The Mississippi State defensive end can see the finish line to his college career. And as he tries to make the most of his final season, McCardell is having to scrap for every snap against some highly touted competition.
Newcomer Denico Autry was the nation’s top junior college defensive end last season at East Mississippi, which won the NJCAA national title. He had 11 sacks and 41 quarterback hurries, and it’s been assumed by many observers that Autry would take over the starting job at right defensive end.
That’s where McCardell, a career backup, is playing. He’s not content being a backup. Since last season has ended, he has bulked up and shown a lot of improvement in spring and preseason drills.

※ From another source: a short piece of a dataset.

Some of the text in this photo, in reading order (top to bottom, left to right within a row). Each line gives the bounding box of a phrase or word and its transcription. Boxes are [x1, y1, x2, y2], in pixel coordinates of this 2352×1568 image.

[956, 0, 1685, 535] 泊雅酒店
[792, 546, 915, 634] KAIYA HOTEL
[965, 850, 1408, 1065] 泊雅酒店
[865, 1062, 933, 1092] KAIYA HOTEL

“It’s coming close to the end,” McCardell said. “I want to see a championship while I’m here, so I know my time’s running out, so I just push harder and harder. And also with Denico coming in, (there’s) just more competition. We’re able to push each other every day.”

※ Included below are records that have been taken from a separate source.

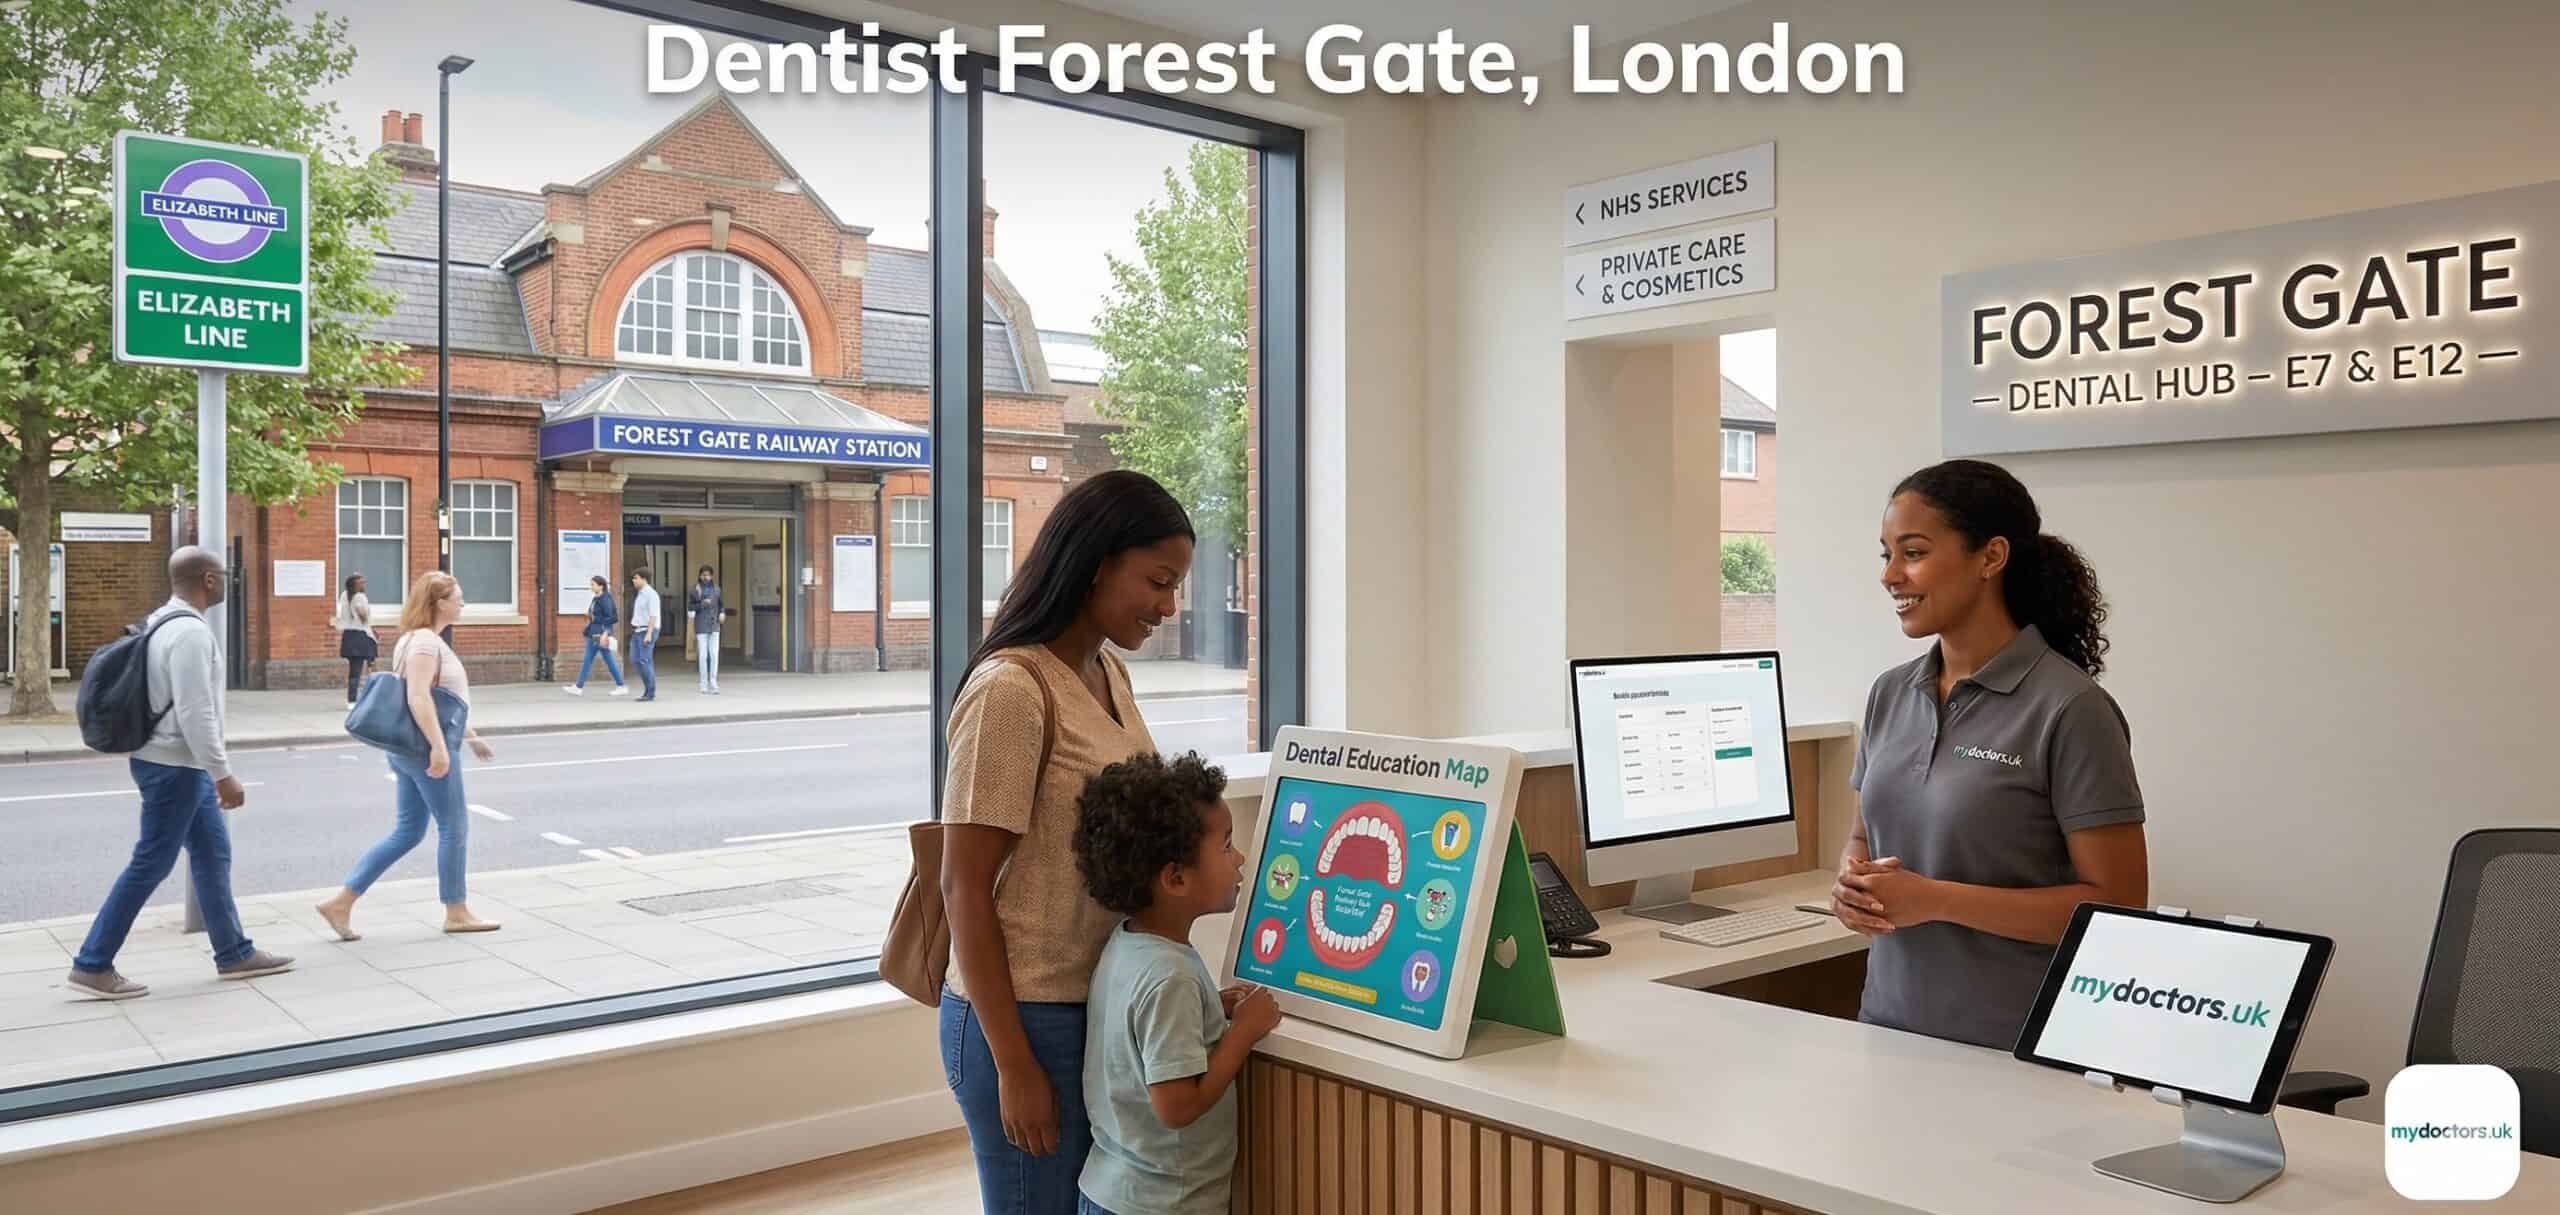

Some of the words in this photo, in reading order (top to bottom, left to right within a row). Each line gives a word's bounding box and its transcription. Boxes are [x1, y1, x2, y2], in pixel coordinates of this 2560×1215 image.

[152, 198, 239, 220] ELIZABETH
[243, 211, 279, 225] LINE
[1600, 193, 1641, 220] NHS
[1647, 170, 1748, 210] SERVICES
[1600, 244, 1682, 278] PRIVATE
[1688, 233, 1746, 262] CARE
[1601, 284, 1614, 305] &
[1621, 263, 1744, 301] COSMETICS
[1972, 273, 2253, 366] FOREST
[2281, 237, 2519, 331] GATE
[138, 290, 291, 324] ELIZABETH
[184, 324, 249, 349] LINE
[2008, 374, 2143, 412] DENTAL
[2155, 363, 2236, 401] HUB
[2286, 353, 2334, 389] E7
[2348, 350, 2375, 383] &
[2392, 342, 2464, 380] E12
[613, 424, 692, 447] FOREST
[698, 430, 751, 451] GATE
[756, 434, 840, 455] RAILWAY
[845, 438, 922, 459] STATION
[1285, 741, 1344, 769] Dental
[1346, 748, 1441, 779] Education
[1445, 758, 1490, 789] Map
[1953, 744, 2024, 769] mydoctors.uk
[2070, 973, 2273, 1030] mydoctors.uk

McCardell does not view Autry as a threat. In fact, he’s glad to have another guy who can match his speed off the edge. Autry’s presence has only further motivated McCardell, who said “nothing’s set in stone” in terms of the depth chart.
It seems Autry’s arrival lit a fire under McCardell.
“I know it didn’t hurt,” defensive coordinator Chris Wilson said. “So from the standpoint of looking over and seeing a guy as talented with a high motor, it think it really has helped Shane a lot, to see how guys perform.”
Autry is expected to give MSU a more productive pass rush, but McCardell could have a big hand in that as well. In fact, both players could be on the field together at times, likely in long-yardage situations.
Autry is a known commodity because of his juco exploits. While McCardell has been at MSU since 2008, he’s never stood out. The most attention he might’ve gotten was when he spent some time working with the wide receivers two years ago.
The 6-foot-5 McCardell weighed as little as 228 at that time. He’s up to 255 now, and the changes he’s made this offseason are more than physical.
“Shane is more confident, he’s got more knowledge of our system, and that’s what makes him different,” Wilson said. “And he’s really turned into a more physical football player than I’ve ever seen him be.”
Over three seasons, McCardell has recorded 17 tackles and 3.0 sacks in 30 games. He had 12 tackles and a sack last season, playing in all 13 games.
As soon as the season ended, the finish line came into view.
“Everything from then on is going to be my last,” he said, “whether it’s spring ball, whether it’s summer conditioning, it’s all my last. So it’s my last go-around, so I’m going to make the most of it.”